Records supplied:
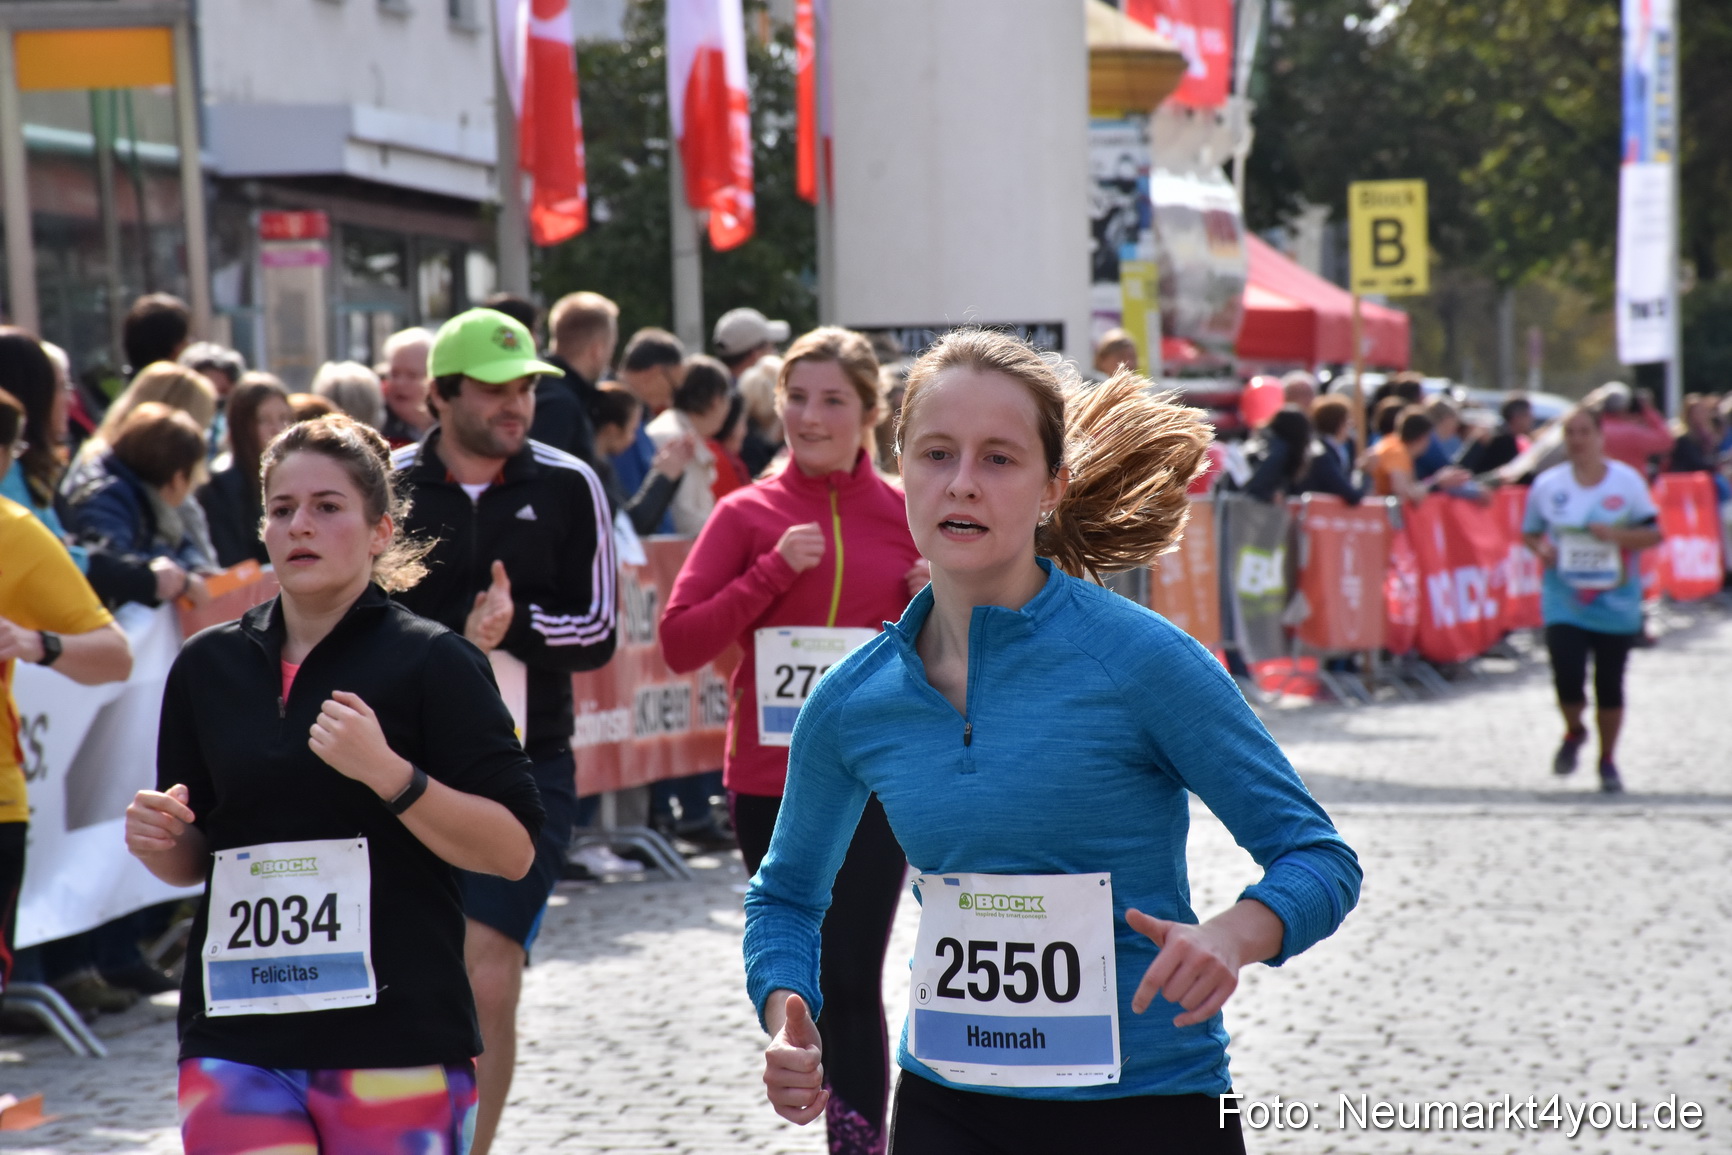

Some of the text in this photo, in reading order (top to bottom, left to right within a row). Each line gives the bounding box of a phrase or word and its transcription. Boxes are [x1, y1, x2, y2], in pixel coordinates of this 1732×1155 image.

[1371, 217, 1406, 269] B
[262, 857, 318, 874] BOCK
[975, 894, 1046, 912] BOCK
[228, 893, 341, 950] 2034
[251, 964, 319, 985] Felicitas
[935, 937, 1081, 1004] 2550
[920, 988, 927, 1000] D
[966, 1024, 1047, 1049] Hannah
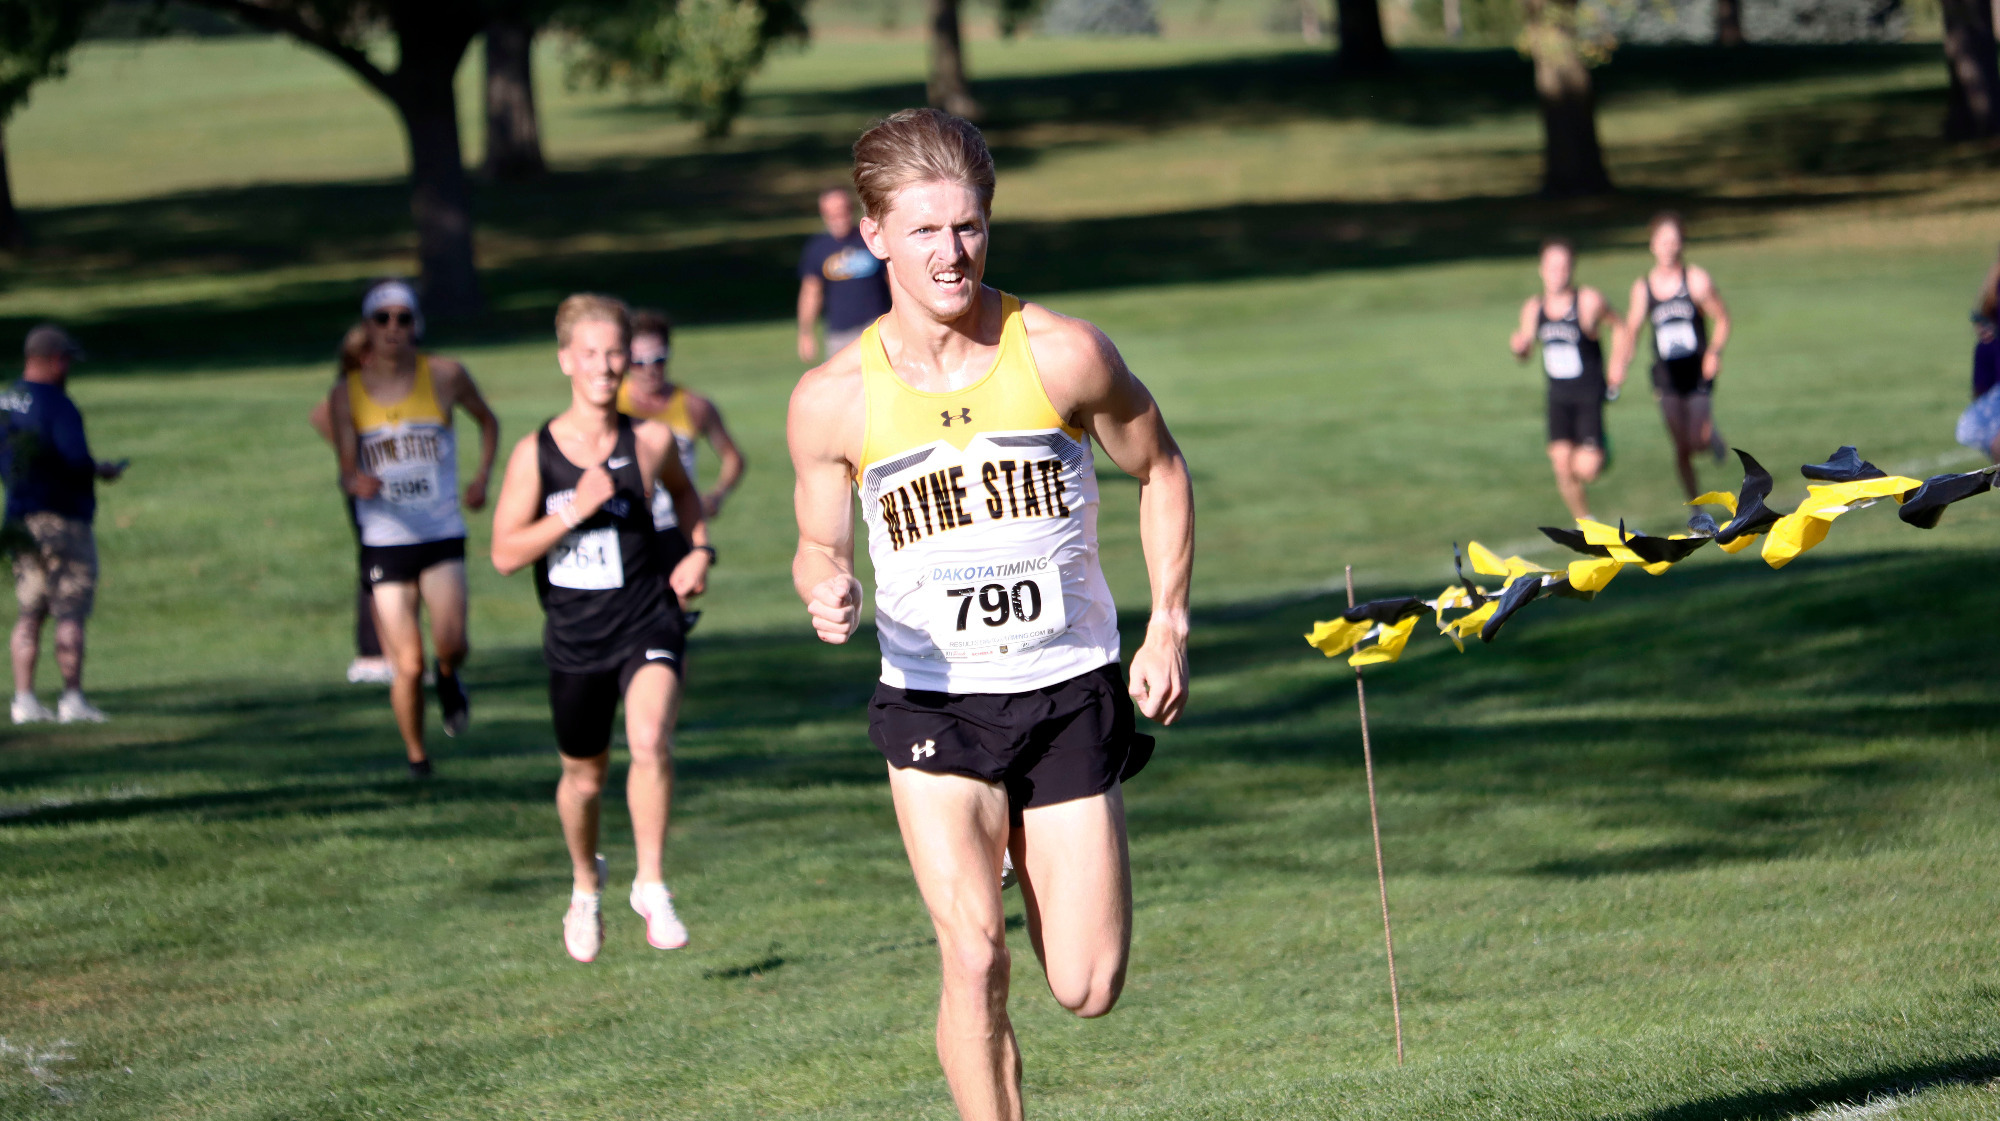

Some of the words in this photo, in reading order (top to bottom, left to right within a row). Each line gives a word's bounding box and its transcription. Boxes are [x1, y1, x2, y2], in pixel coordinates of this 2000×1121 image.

Try it:
Repeat the entries faithfully. Any picture gets left out.

Reply to the exercise:
Some of the text in this photo, in reading order (top to bottom, left to right within a row). Each line gives the bounding box of a phrase or word and its transcription. Boxes are [x1, y1, x2, y2], in pixel coordinates of this 1732×1155 image.

[1371, 217, 1406, 269] B
[262, 857, 318, 874] BOCK
[975, 894, 1046, 912] BOCK
[228, 893, 341, 950] 2034
[251, 964, 319, 985] Felicitas
[935, 937, 1081, 1004] 2550
[920, 988, 927, 1000] D
[966, 1024, 1047, 1049] Hannah

Some of the words in this photo, in reading order (top to bottom, left to right within a row). Each line gives a word's bounding box and its transcription. Boxes are [x1, y1, x2, y2], in pixel coordinates of this 2000×1121 image.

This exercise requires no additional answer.